City Can't Figure Out What To Do With McCoppin Plaza And So Just Closes It Indefinitely
— By Jack Morse (@jmorse_) |
If at first you don’t succeed, try and try… oh whatever, who fucking cares. After struggling for several years to keep the homeless out of McCoppin Hub Plaza, Hoodline reports that the city has finally given up and just shut the thing down. Indefinitely.
According to John Updike, who heads the city’s Real Estate Division and in that capacity is in charge of the public space at Valencia and McCoppin Street, the plaza is now considered a construction zone and is off-limits to the public—as the chain-link fence that surrounds the park makes clear.
The chain-link fence is reportedly a placeholder until a permanent fence can be installed at a later date.
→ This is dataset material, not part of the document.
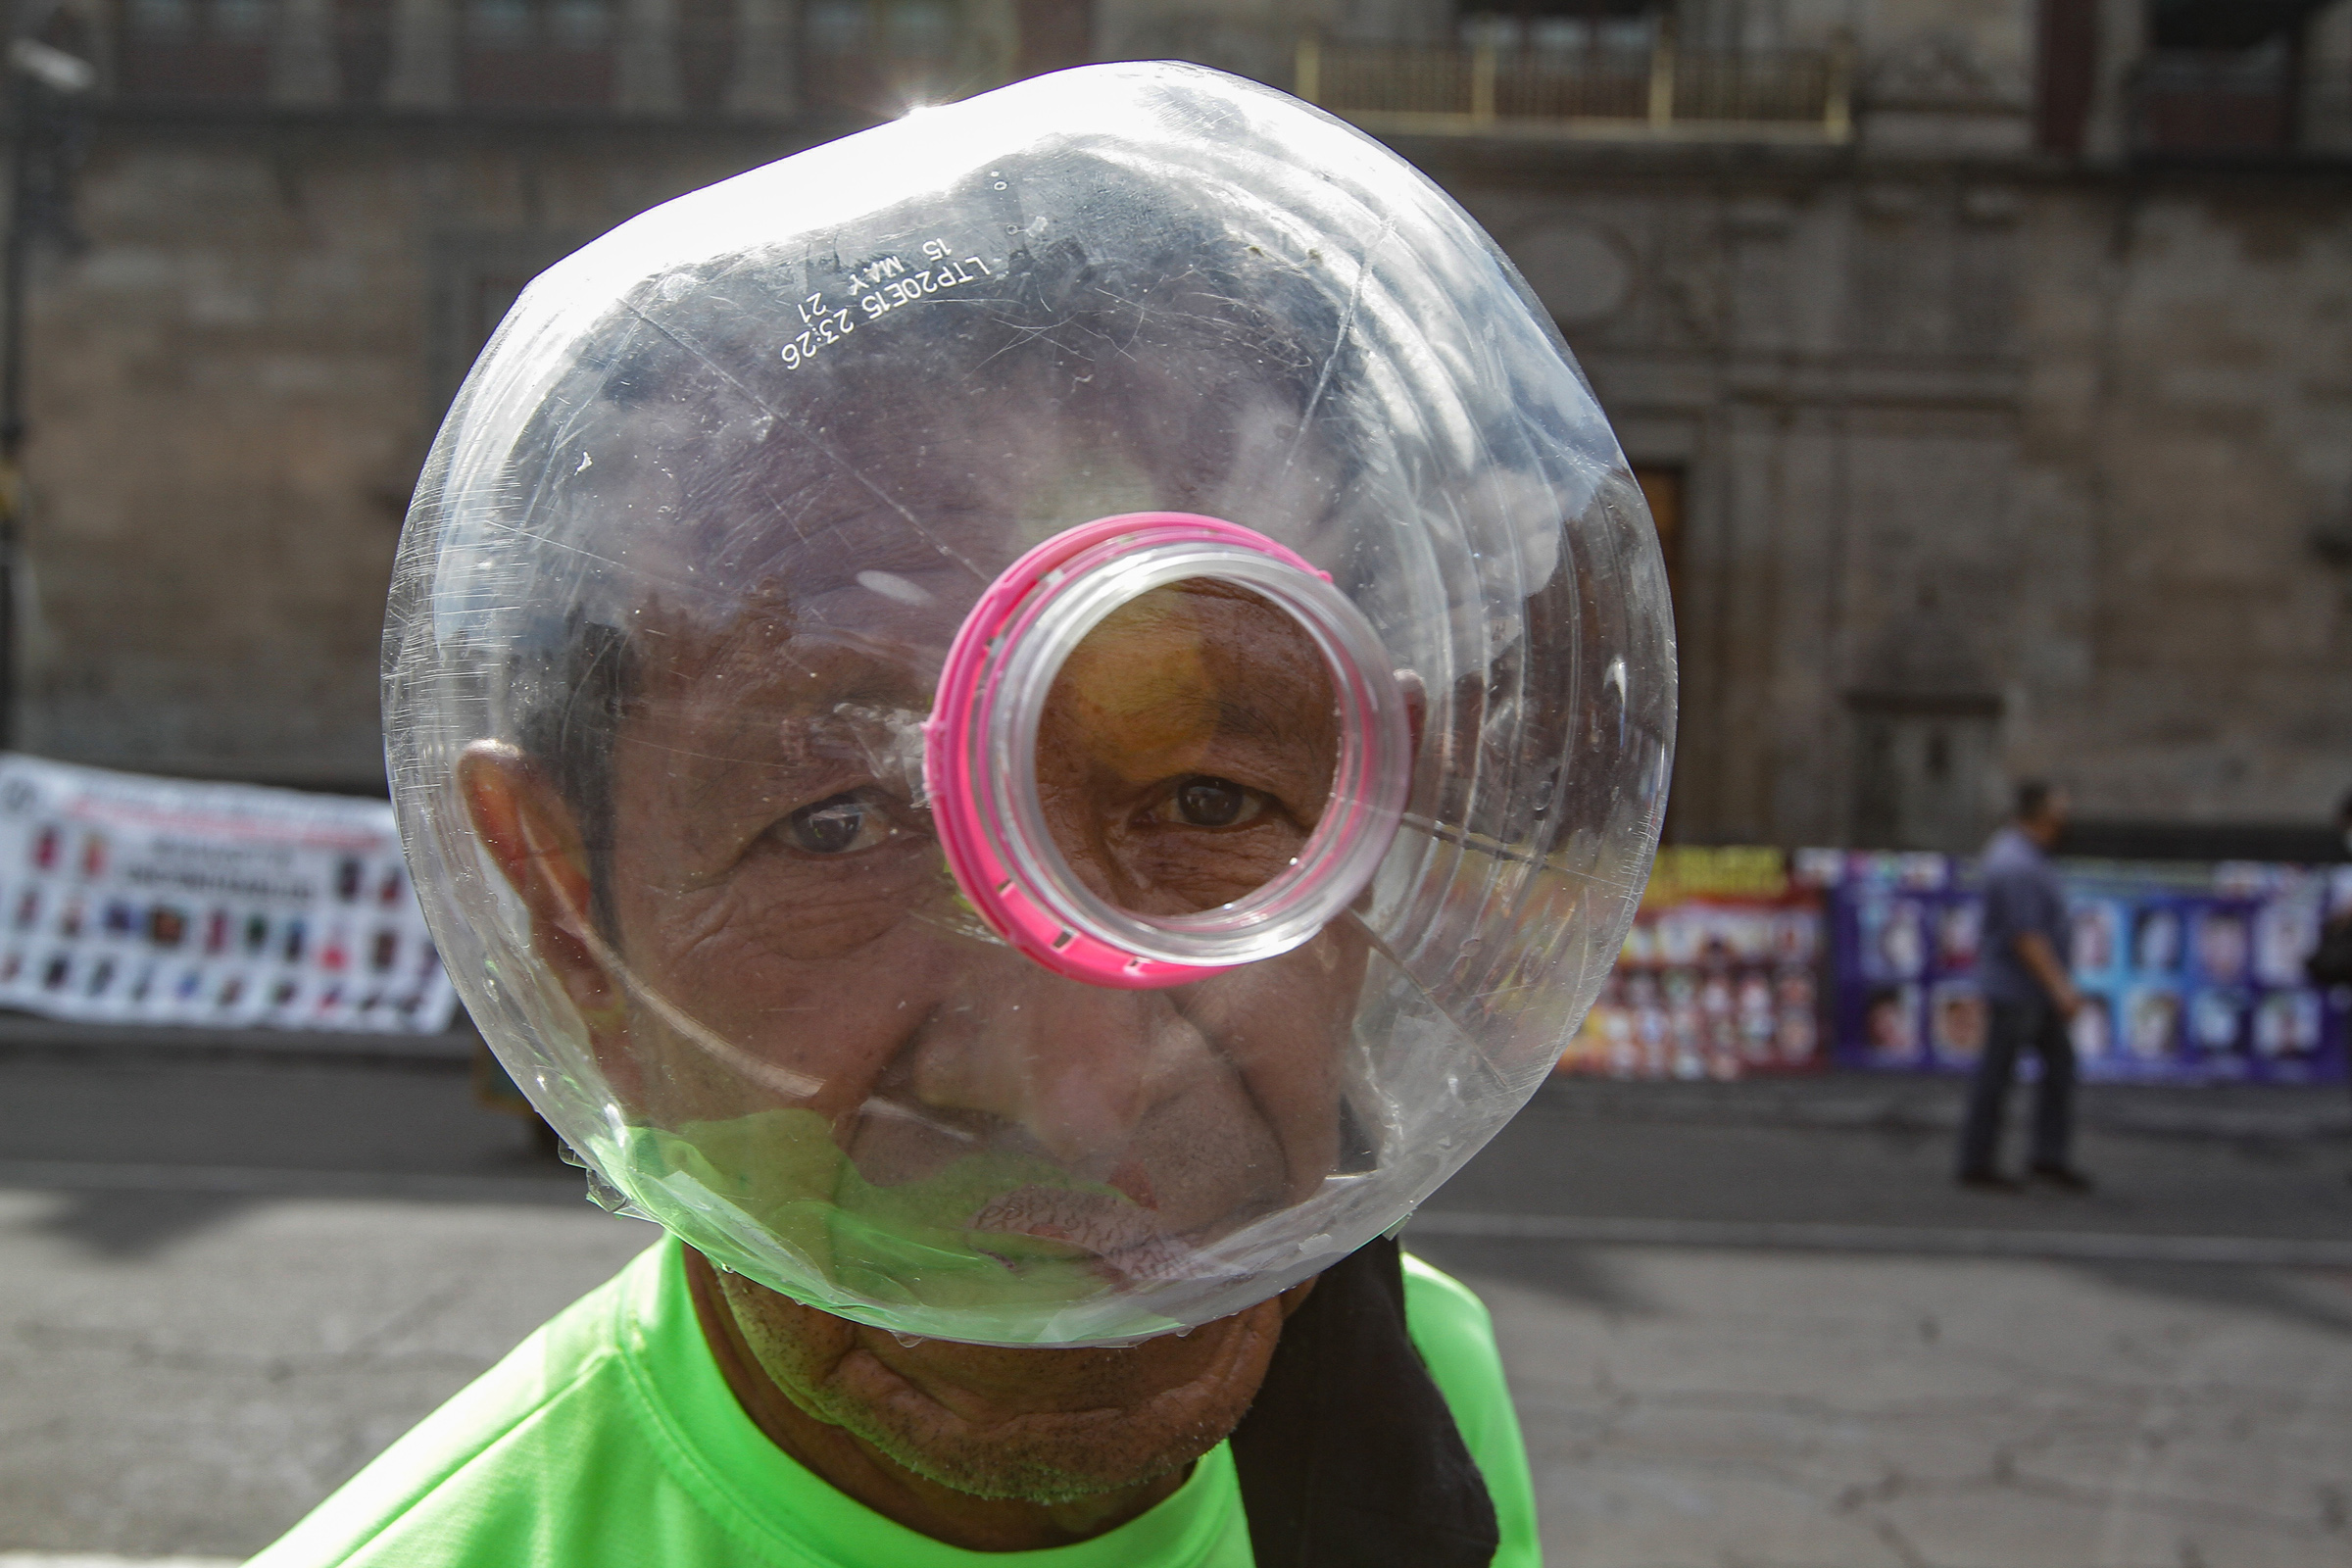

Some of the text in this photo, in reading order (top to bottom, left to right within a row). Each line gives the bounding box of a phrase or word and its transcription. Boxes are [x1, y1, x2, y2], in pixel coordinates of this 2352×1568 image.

[781, 256, 991, 369] LTP20E15 23:26
[798, 238, 951, 323] 15 MAY 21
McCoppin Hub Closed ‘Indefinitely’ After Efforts To Clear Homeless Camps https://t.co/9uvdKxSWGL pic.twitter.com/X3frNeUYpS
— Hoodline (@Hoodline) February 2, 2017
The city initially had high hopes for the mini-park, and rolled out the welcome mat for food trucks. The trucks never came, however, and homeless people began congregating there instead. But not to worry, Updike assured Hoodline that the indefinite closure is not at all about keeping out the homeless. Rather, it’s about public safety.
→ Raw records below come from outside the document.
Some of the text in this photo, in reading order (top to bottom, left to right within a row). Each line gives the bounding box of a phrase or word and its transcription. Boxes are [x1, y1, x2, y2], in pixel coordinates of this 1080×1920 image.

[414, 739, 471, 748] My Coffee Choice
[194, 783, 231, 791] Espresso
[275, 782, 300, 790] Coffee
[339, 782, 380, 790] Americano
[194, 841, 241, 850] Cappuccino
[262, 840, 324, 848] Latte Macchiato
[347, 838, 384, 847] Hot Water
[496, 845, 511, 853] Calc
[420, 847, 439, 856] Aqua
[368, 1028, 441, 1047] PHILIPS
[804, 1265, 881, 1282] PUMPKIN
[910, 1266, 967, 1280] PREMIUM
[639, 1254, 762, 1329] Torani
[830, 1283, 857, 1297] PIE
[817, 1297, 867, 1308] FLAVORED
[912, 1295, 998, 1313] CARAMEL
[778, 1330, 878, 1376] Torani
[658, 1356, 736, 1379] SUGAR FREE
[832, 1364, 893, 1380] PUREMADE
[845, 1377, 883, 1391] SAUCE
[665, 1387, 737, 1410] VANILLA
“There was a lot of abuse of the site and intimidation by people that frankly were doing illegal activities,” he told the publication. “There’s a lot of illegal activity that was occurring and it was to the detriment of the neighborhood being able to enjoy the rest of the open space.”
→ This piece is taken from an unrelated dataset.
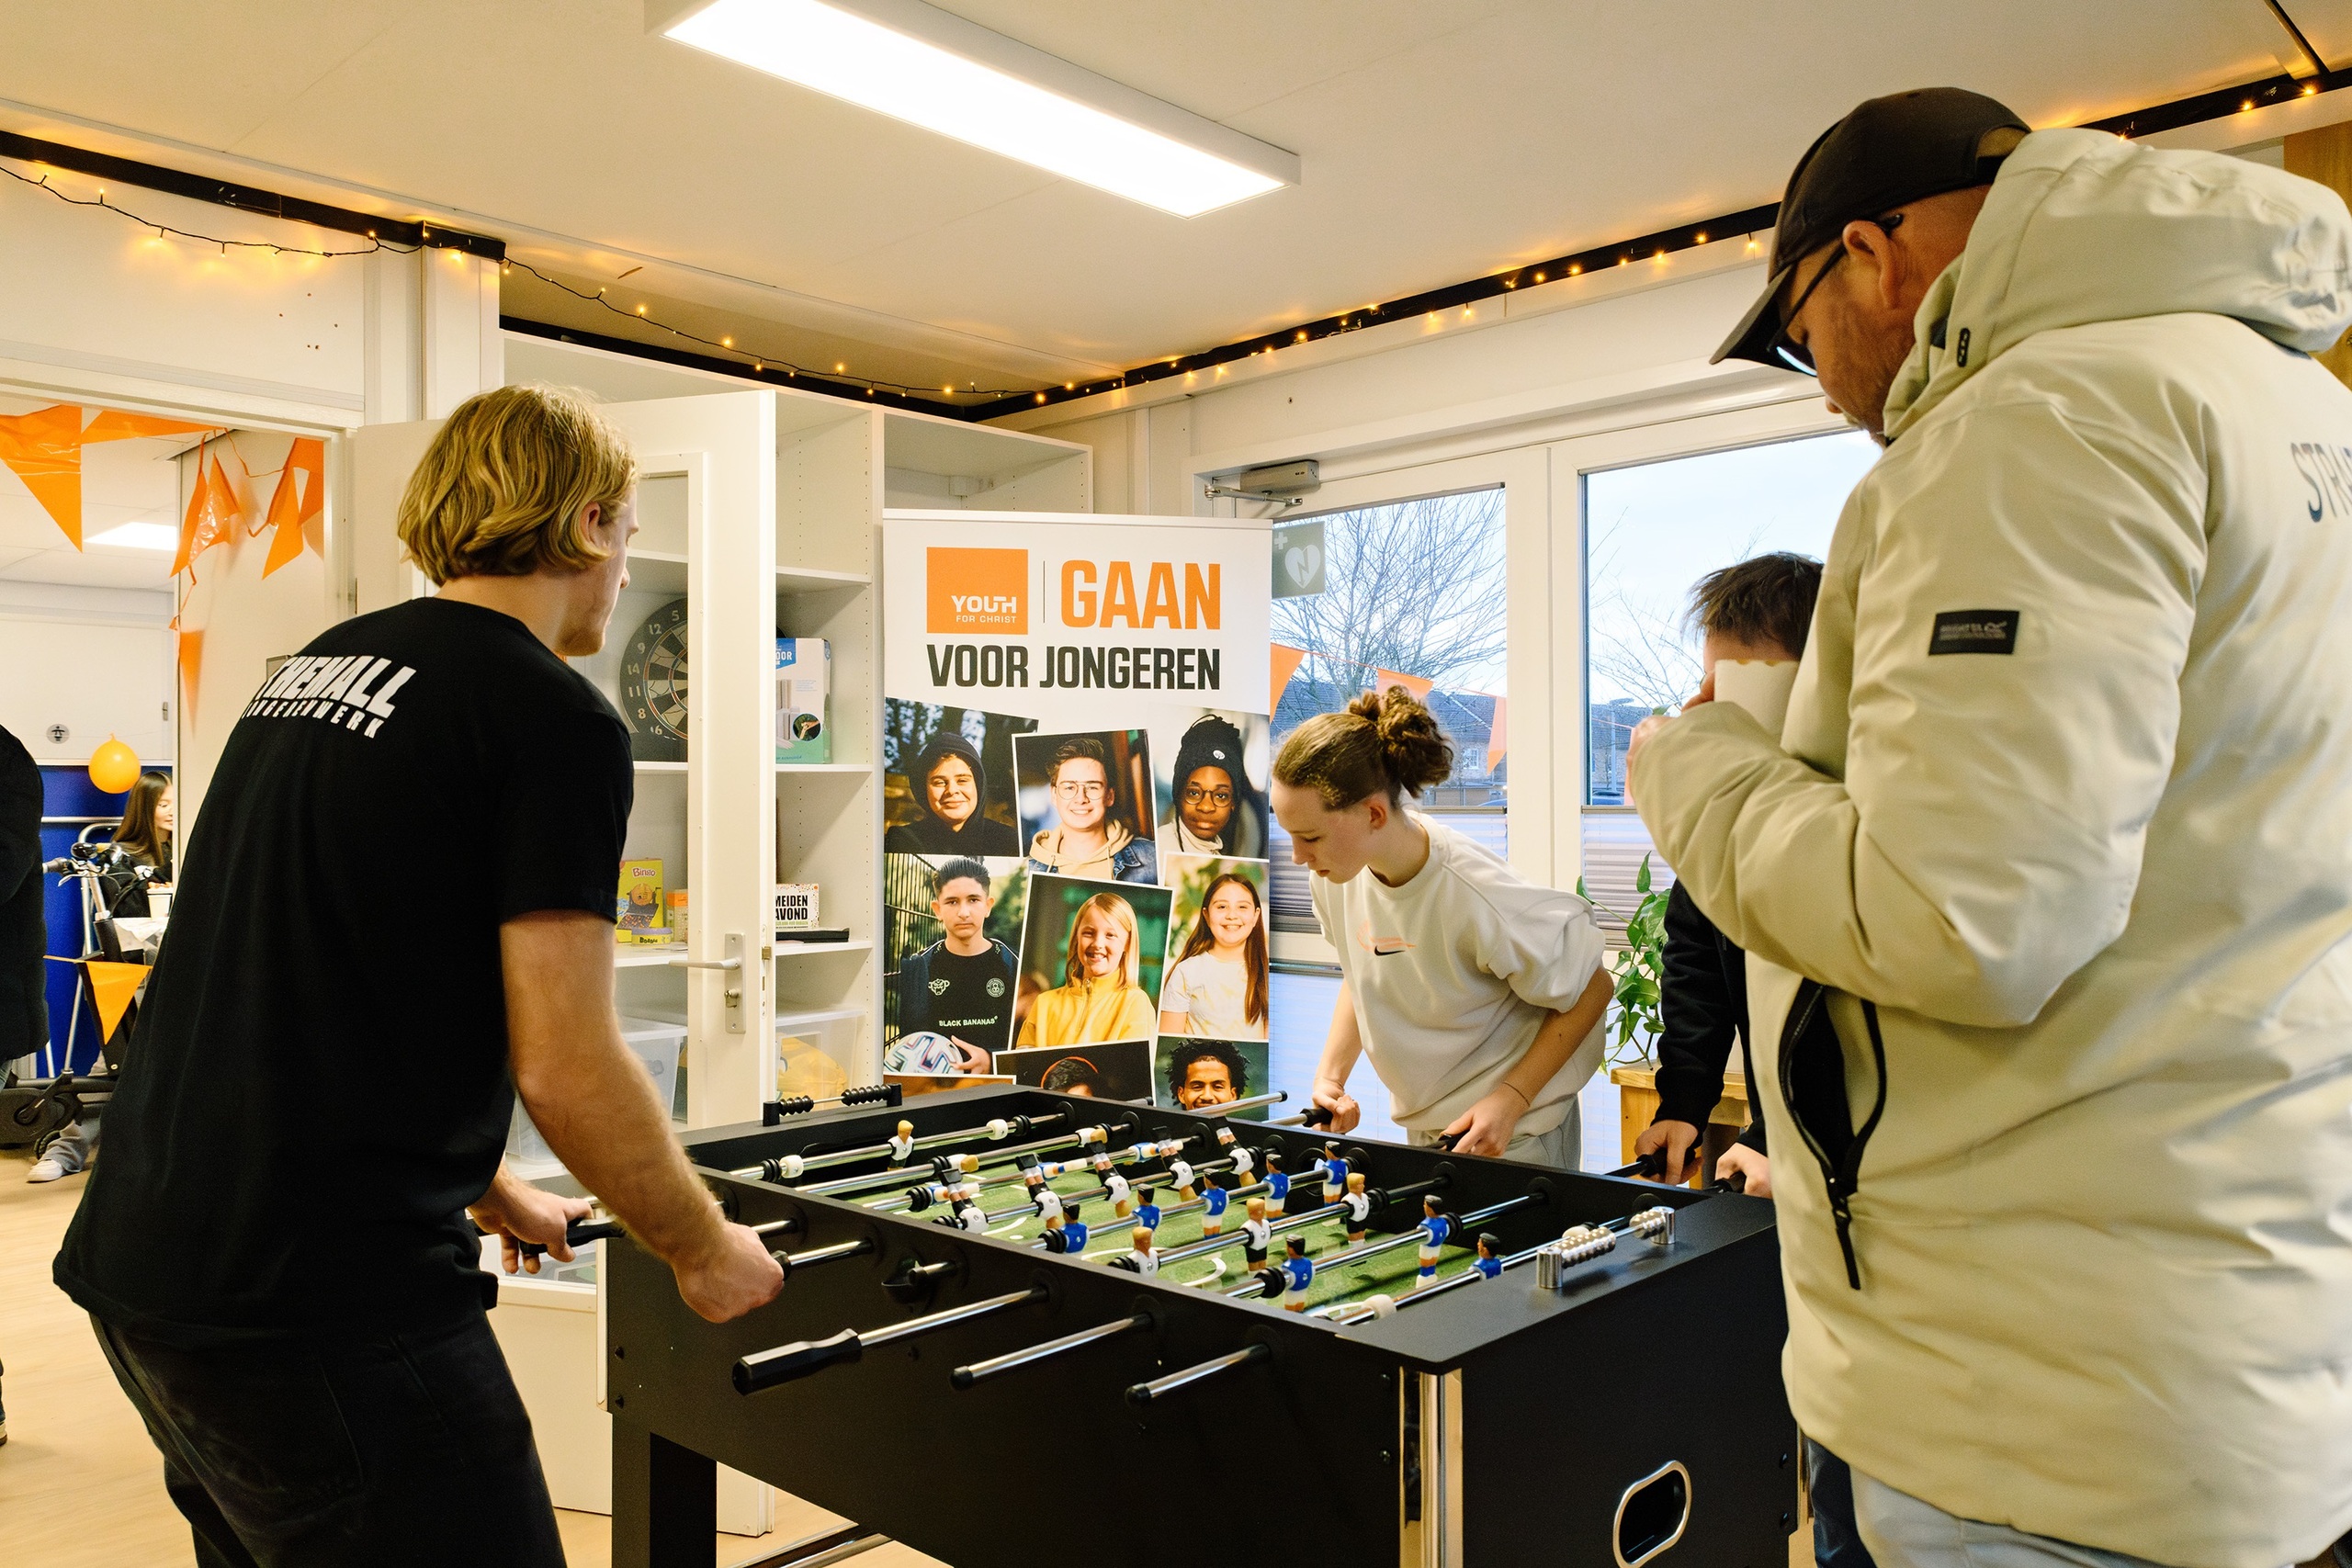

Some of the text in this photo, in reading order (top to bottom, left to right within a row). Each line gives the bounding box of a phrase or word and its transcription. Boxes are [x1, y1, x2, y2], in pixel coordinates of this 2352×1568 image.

And while some may view the closure as a massive failure on the part of officials to utilize public land in a city where space is at a premium, perhaps this can be seen as a bold new crime-fighting strategy. Simply fence off areas where unsavory characters congregate and voilà, crime will disappear.
Now all we need is enough chain-link fencing to enclose 49 square miles, and we’ll be good to go.
[Rendering of an imagined fence from 2015: San Francisco Public Works via Mission Local]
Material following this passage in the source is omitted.